Please repeat the whole listing exactly, but leave the pictures out.

· · · · ·

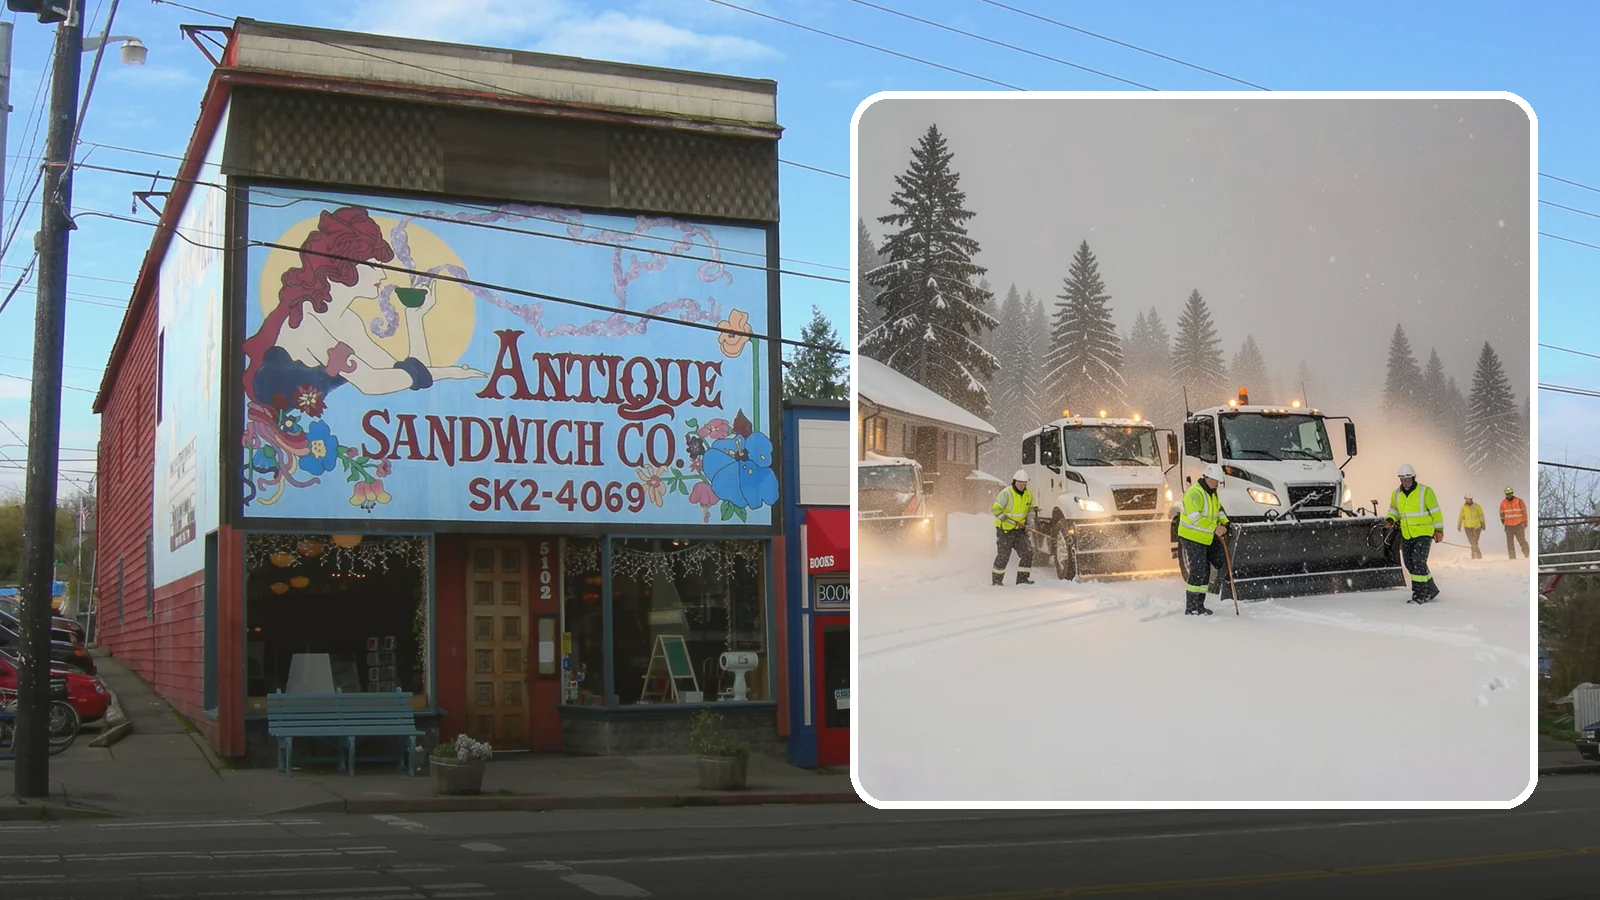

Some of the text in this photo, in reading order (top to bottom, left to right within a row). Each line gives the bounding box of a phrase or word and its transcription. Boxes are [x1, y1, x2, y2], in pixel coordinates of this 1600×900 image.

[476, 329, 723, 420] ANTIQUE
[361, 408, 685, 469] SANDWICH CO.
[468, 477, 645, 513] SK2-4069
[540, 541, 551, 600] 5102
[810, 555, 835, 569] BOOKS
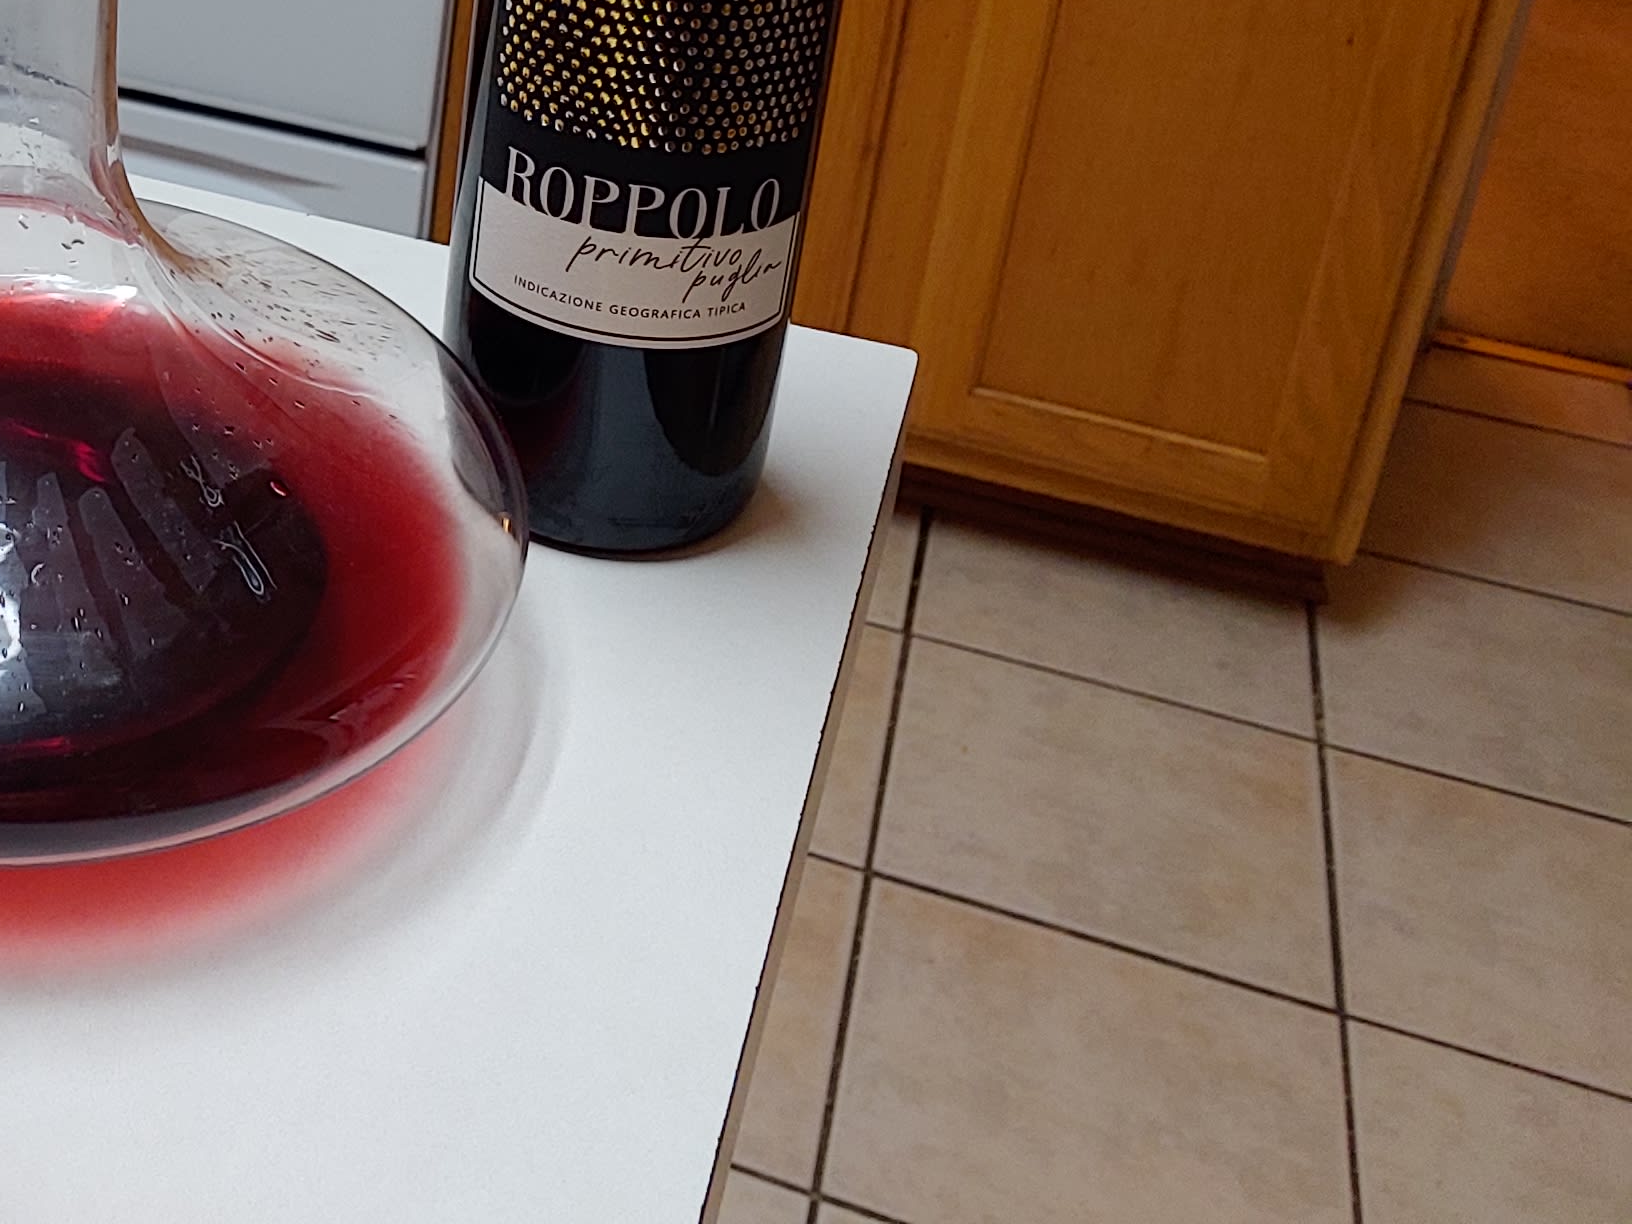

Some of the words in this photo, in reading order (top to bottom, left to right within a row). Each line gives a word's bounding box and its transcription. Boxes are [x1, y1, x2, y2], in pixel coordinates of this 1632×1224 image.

· · · · ·

Exercise response:
Some of the text in this photo, in reading order (top to bottom, left to right within a row). Each line gives the bounding box of a phrase or word and its transcription. Boxes are [x1, y1, x2, y2], in pixel coordinates of this 1600×900 image.

[476, 329, 723, 420] ANTIQUE
[361, 408, 685, 469] SANDWICH CO.
[468, 477, 645, 513] SK2-4069
[540, 541, 551, 600] 5102
[810, 555, 835, 569] BOOKS

Some of the words in this photo, in reading order (top to bottom, left to right within a row). Each line gives a word's bounding box and its transcription. Boxes are [x1, y1, x2, y2], in pixel coordinates of this 1632×1224 image.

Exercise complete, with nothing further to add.